● **What is being asked**: Leaving the pictures aside, repeat each line below exactly.

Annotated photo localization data

======

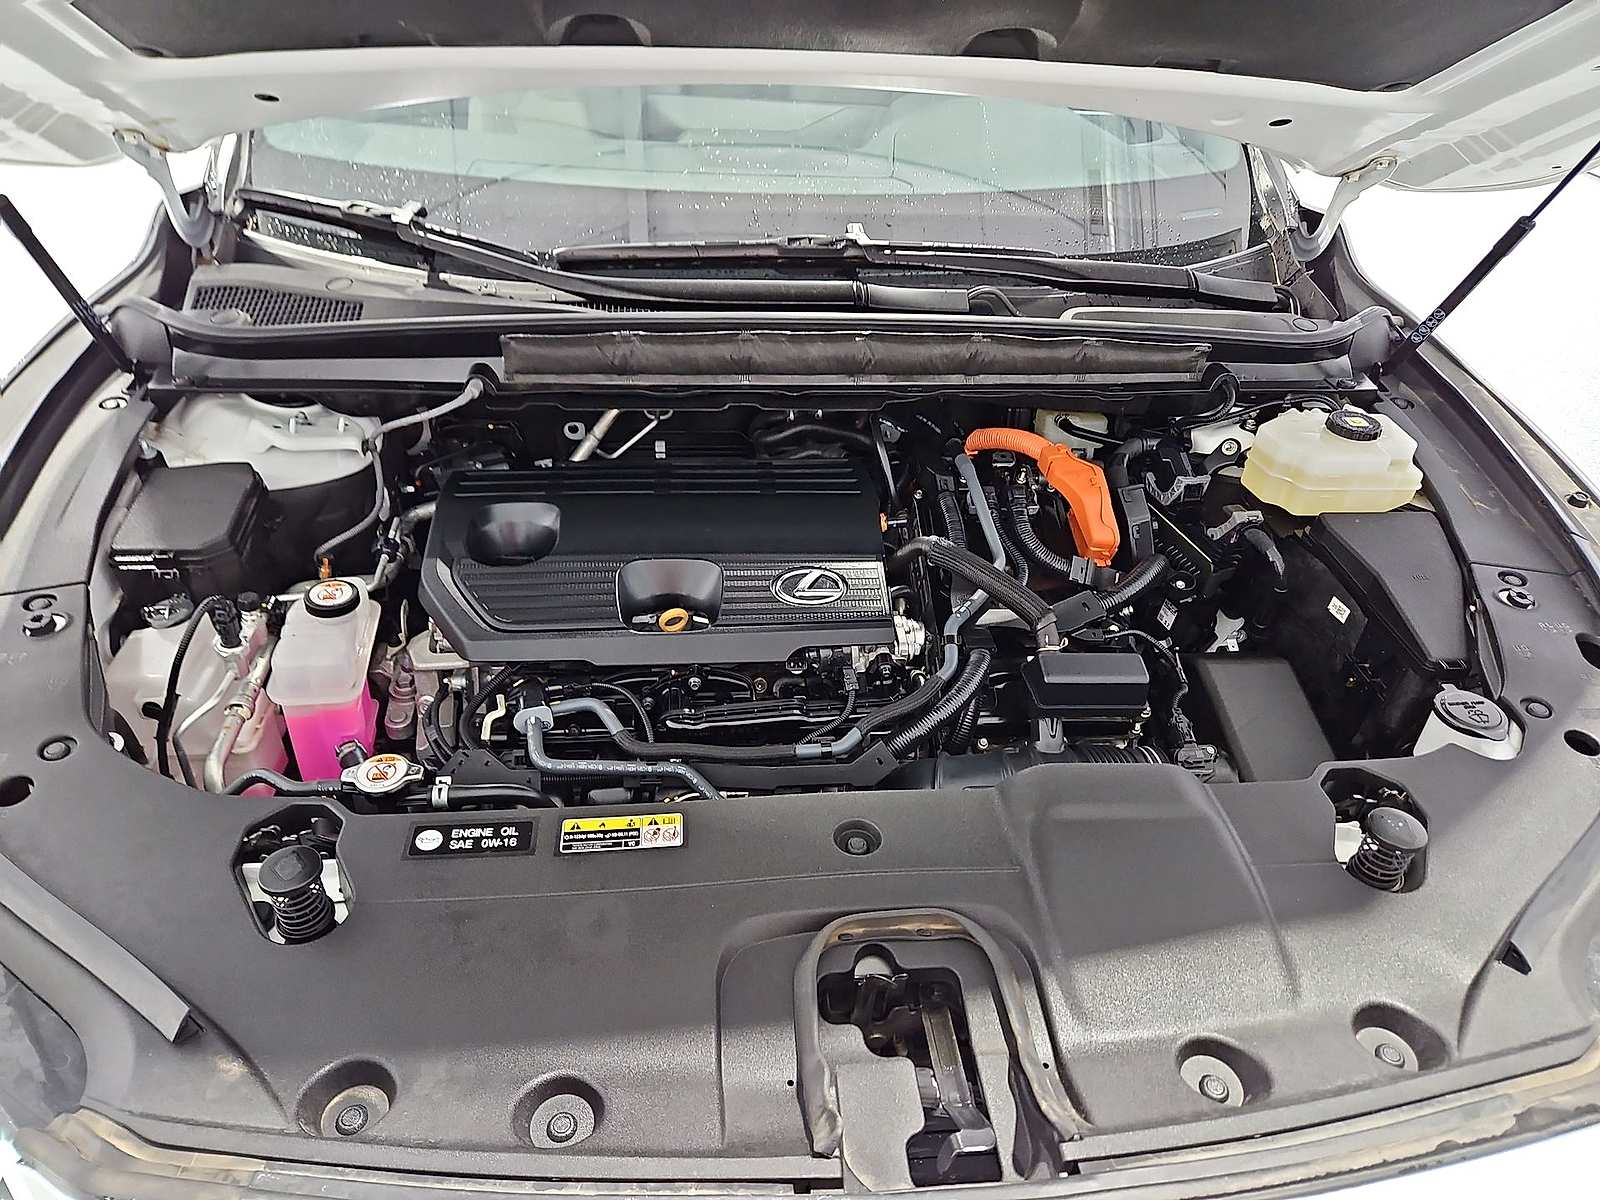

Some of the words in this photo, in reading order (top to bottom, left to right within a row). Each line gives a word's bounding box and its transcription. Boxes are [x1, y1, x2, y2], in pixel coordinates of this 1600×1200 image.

[451, 827, 494, 838] ENGINE
[500, 826, 519, 836] OIL
[449, 839, 474, 849] SAE
[481, 837, 518, 848] 0W-16
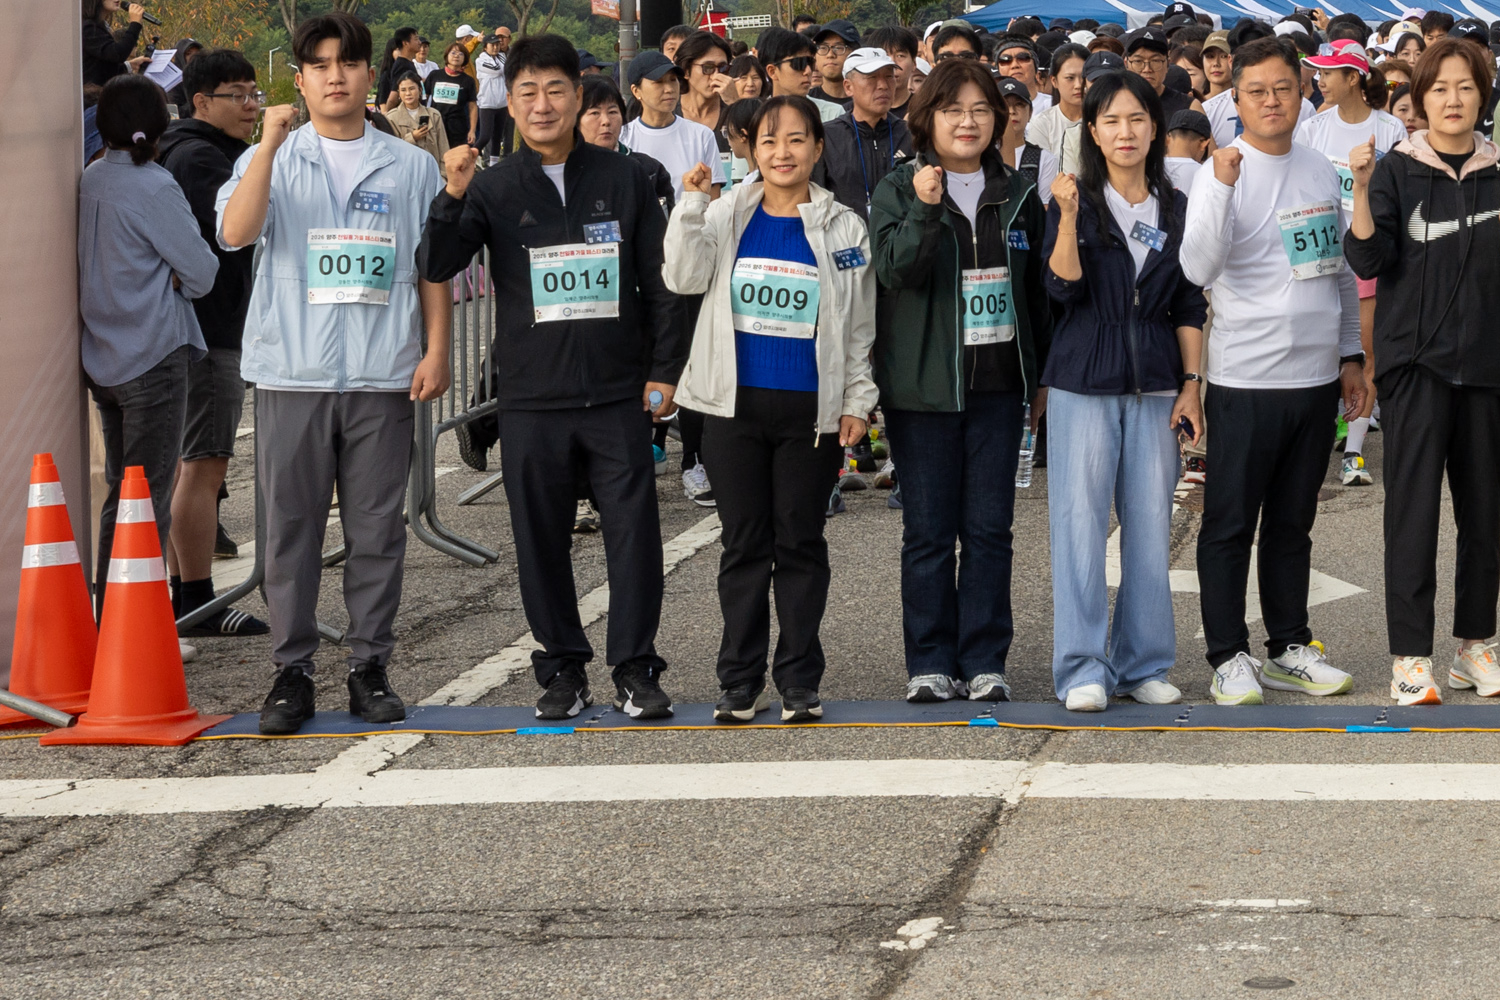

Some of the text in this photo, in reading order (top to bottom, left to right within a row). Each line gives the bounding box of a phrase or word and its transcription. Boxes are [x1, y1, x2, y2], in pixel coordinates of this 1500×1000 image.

[436, 88, 456, 97] 5519
[1293, 225, 1339, 252] 5112
[319, 255, 385, 277] 0012
[543, 268, 609, 292] 0014
[740, 283, 808, 311] 0009
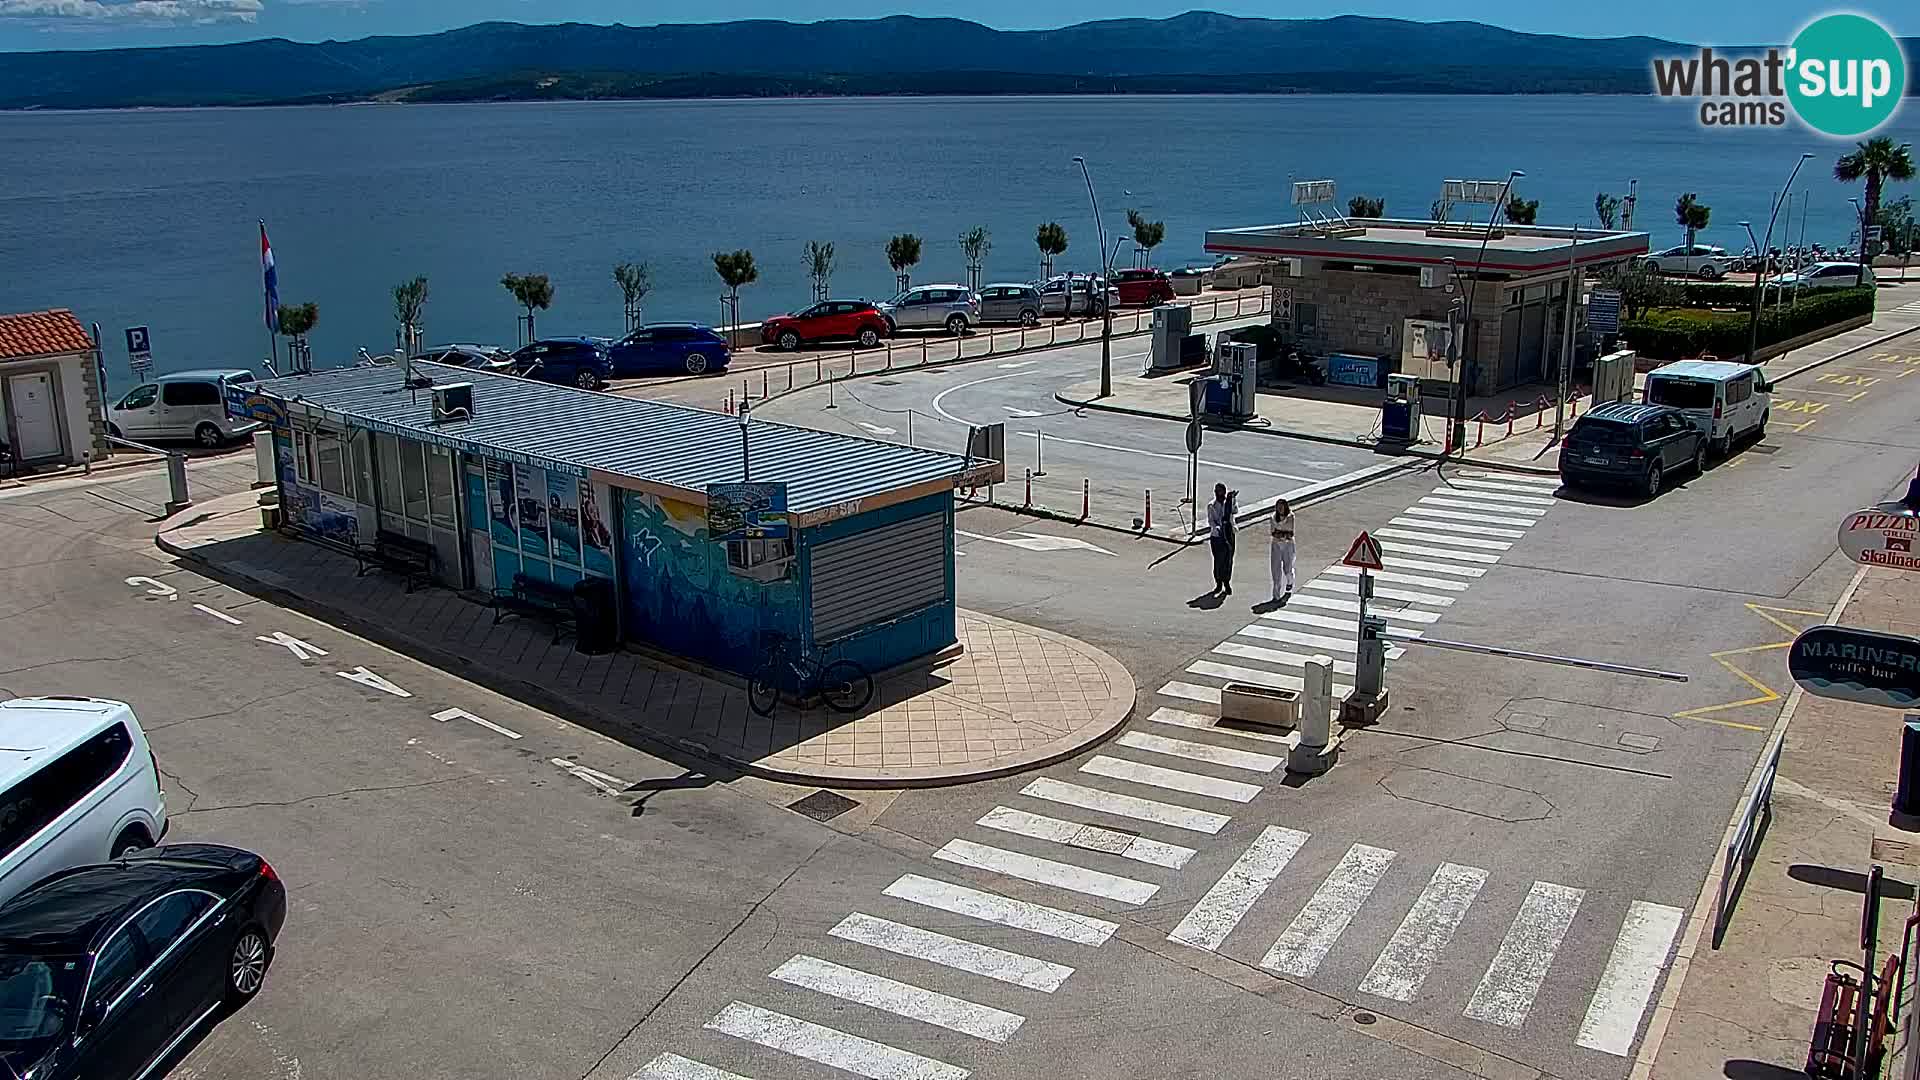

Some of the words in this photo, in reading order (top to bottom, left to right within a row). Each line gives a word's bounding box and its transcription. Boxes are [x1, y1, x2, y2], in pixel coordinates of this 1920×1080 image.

[131, 331, 143, 349] P
[1816, 373, 1880, 387] TAXI
[437, 436, 469, 452] POSTAJA
[479, 445, 495, 457] BUS
[494, 449, 527, 464] STATION
[528, 456, 556, 471] TICKET
[555, 462, 583, 477] OFFICE
[1882, 530, 1917, 541] GRILL
[1829, 662, 1867, 673] caffe
[1871, 665, 1897, 680] bar

======

● **Exercise response**:
Some of the words in this photo, in reading order (top to bottom, left to right within a row). Each line gives a word's bounding box and its transcription. Boxes are [x1, y1, x2, y2], in pixel coordinates of this 1600×1200 image.

[451, 827, 494, 838] ENGINE
[500, 826, 519, 836] OIL
[449, 839, 474, 849] SAE
[481, 837, 518, 848] 0W-16

Some of the text in this photo, in reading order (top to bottom, left to right within a row). Each line gives the bounding box of a phrase or word and its transcription. Boxes are [x1, y1, x2, y2], in pixel coordinates of this 1500×1000 image.

[436, 88, 456, 97] 5519
[1293, 225, 1339, 252] 5112
[319, 255, 385, 277] 0012
[543, 268, 609, 292] 0014
[740, 283, 808, 311] 0009

Some of the words in this photo, in reading order (top to bottom, left to right within a row). Each line gives a word's bounding box and its transcription. Boxes are [x1, y1, x2, y2], in pixel coordinates of this 1920×1080 image.

[131, 331, 143, 349] P
[1816, 373, 1880, 387] TAXI
[437, 436, 469, 452] POSTAJA
[479, 445, 495, 457] BUS
[494, 449, 527, 464] STATION
[528, 456, 556, 471] TICKET
[555, 462, 583, 477] OFFICE
[1882, 530, 1917, 541] GRILL
[1829, 662, 1867, 673] caffe
[1871, 665, 1897, 680] bar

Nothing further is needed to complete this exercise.